Non solo Dibba, c’è un ex poliziotto scomparso a Cuba. La rabbia della figlia: «L’Ambasciata tace, ma per l’ex deputato si è mossa subito»

«Per Di Battista si sono mossi subito, per mio padre invece non rispondono nemmeno al telefono». Queste le parole nette, dette a Repubblica, di Mary, figlia di Maurizio Cappato, 63enne, ex agente della polizia stradale originario di Borsea, in provincia di Rovigo e scomparso a Cuba. L’uomo, che vive sull’isola da otto anni, non è più raggiungibile dopo che era uscito per andare a pescare nella zona di Cienfuegos. La famiglia dell’ex agente denuncia la latitanza della rappresentanza diplomatica italiana. Un trattamento differente rispetto a quello fornito all’ex deputato M5S, colto da un malore a Cuba.
Cappato e l’ultimo post su Fb: «Godetevi la vita che l’ultimo viaggio si fa senza valigia»
«Oggi nessuna novità — racconta alla giornalista Federica Angeli Mary Cappato, docente nel Rodigino — ieri non hanno nemmeno risposto al telefono. Però ho visto che l’ambasciatrice è andata da Di Battista: probabilmente la priorità è lui». A rendere ancora più cupa la vicenda è l’ultima attività online dell’ex poliziotto.
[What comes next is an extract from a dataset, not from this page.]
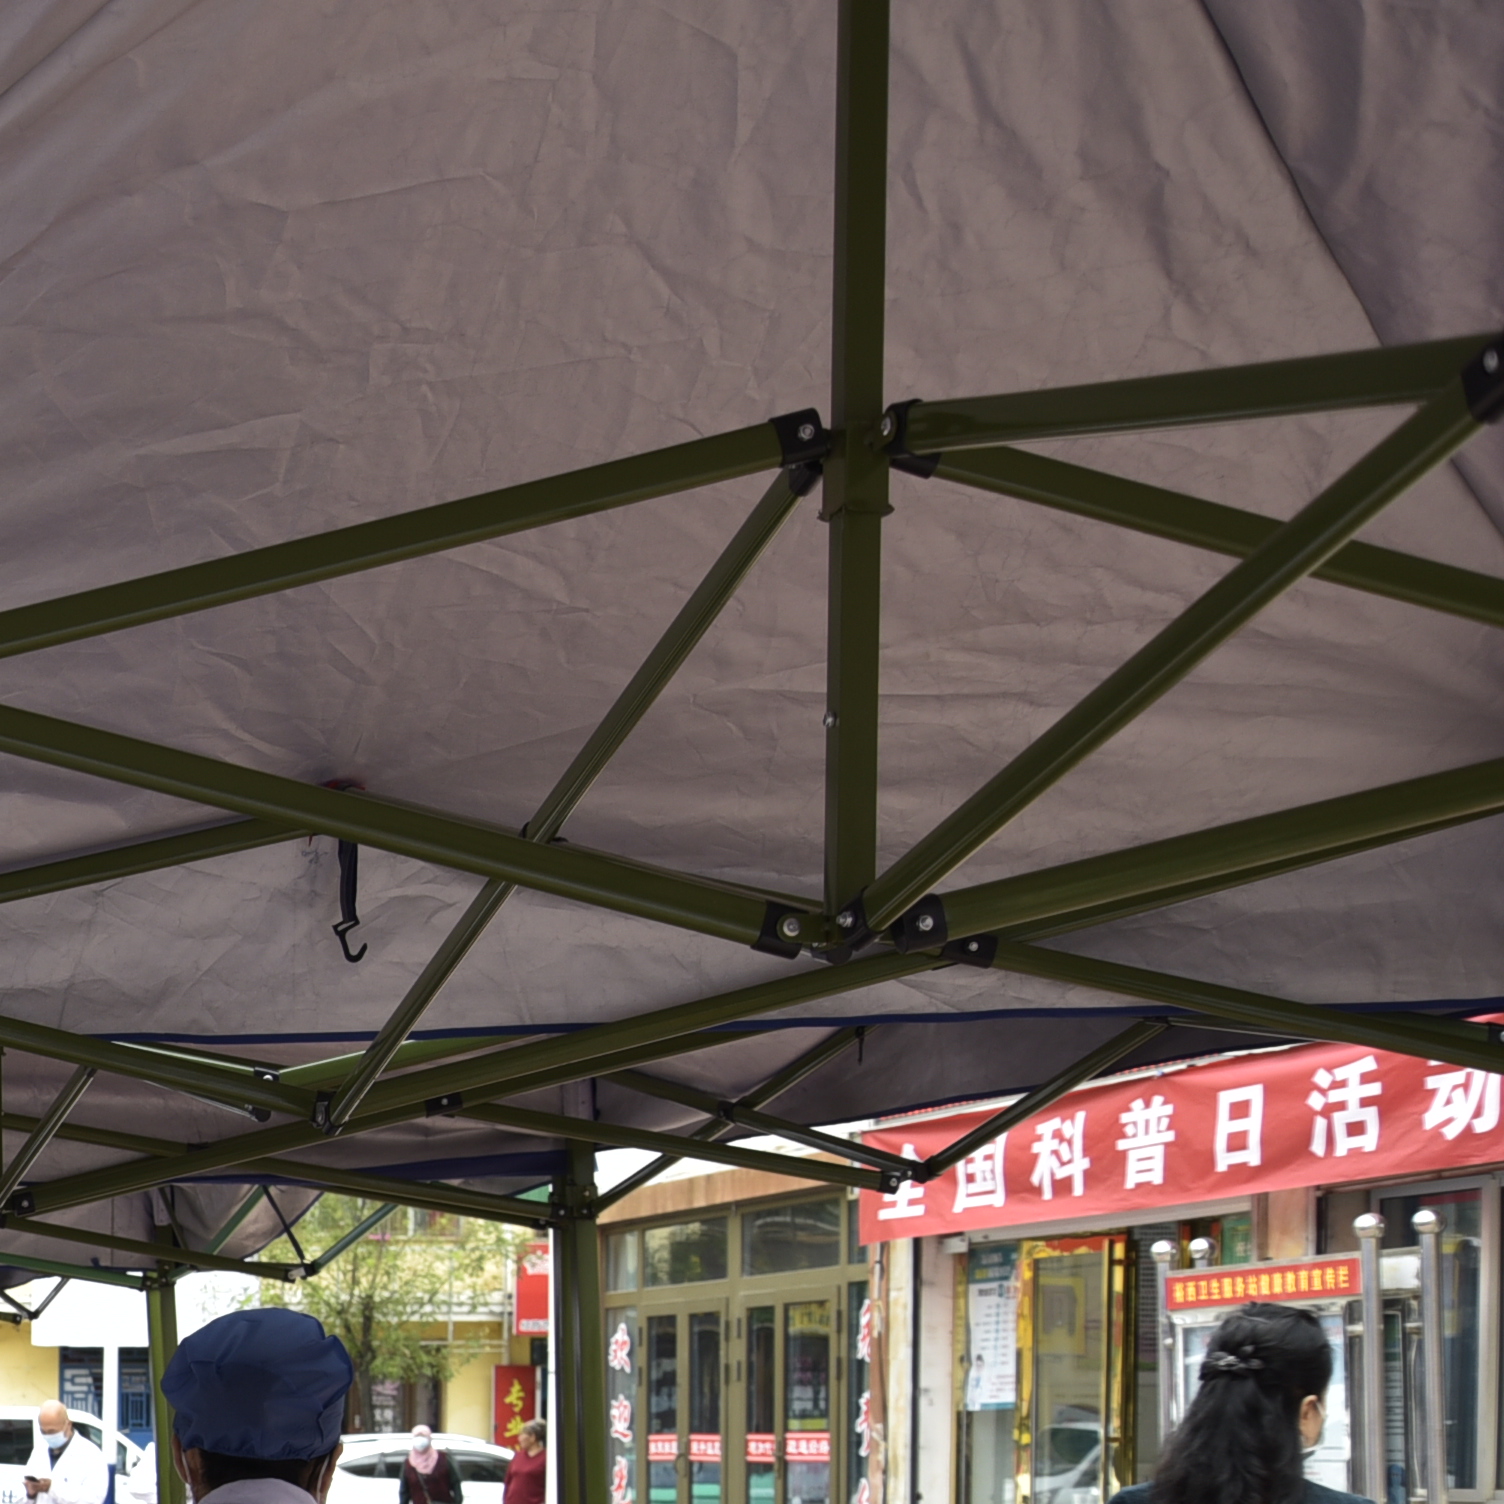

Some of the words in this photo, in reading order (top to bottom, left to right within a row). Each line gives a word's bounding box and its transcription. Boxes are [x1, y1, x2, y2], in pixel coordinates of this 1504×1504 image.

[877, 1055, 1504, 1221] 全国科普日活动
Lo scorso 10 agosto, Cappato aveva condiviso su Facebook un filmato accompagnato da una frase che, riletta oggi, risuona drammatica: «Mangiatevi i soldi, godetevi la vita che l’ultimo viaggio si fa senza valigia». A corredo, la didascalia: «Vivete la vita ogni giorno, del domani non v’è certezza… e magari proprio domani vi svegliate sotto un cipresso».
L’addio alle ricerche ufficiali e il campo ai volontari
Fin dalle prime ore dalla denuncia di scomparsa le operazioni ufficiali di ricerca dell’uomo, ricostruisce Repubblica, si sono concentrate attorno al luogo in cui era solito pescare. Sul posto sono stati ritrovati il suo scooter, lo zaino e il telefono cellulare, mentre la canna da pesca è stata ripescata dall’acqua a poca distanza. Di Maurizio però nessuna traccia. Alla moglie dell’ex agente inoltre sarebbe stato inoltre comunicato che sabato avrebbe potuto rappresentare l’ultimo giorno delle operazioni. «A cercarlo sono gli amici, non la polizia», precisa la figlia Mary con il quotidiano. Una decina di persone si è organizzata in modo autonomo, battendo a piedi e a mare la zona perlustrata invano anche con i droni. Mentre le ore passano e la certezza di un tragico incidente in mare si fa più concreta, la famiglia di Maurizio Cappato rimane sospesa in un’attesa straziante, chiedendo che le istituzioni italiane non li lascino soli.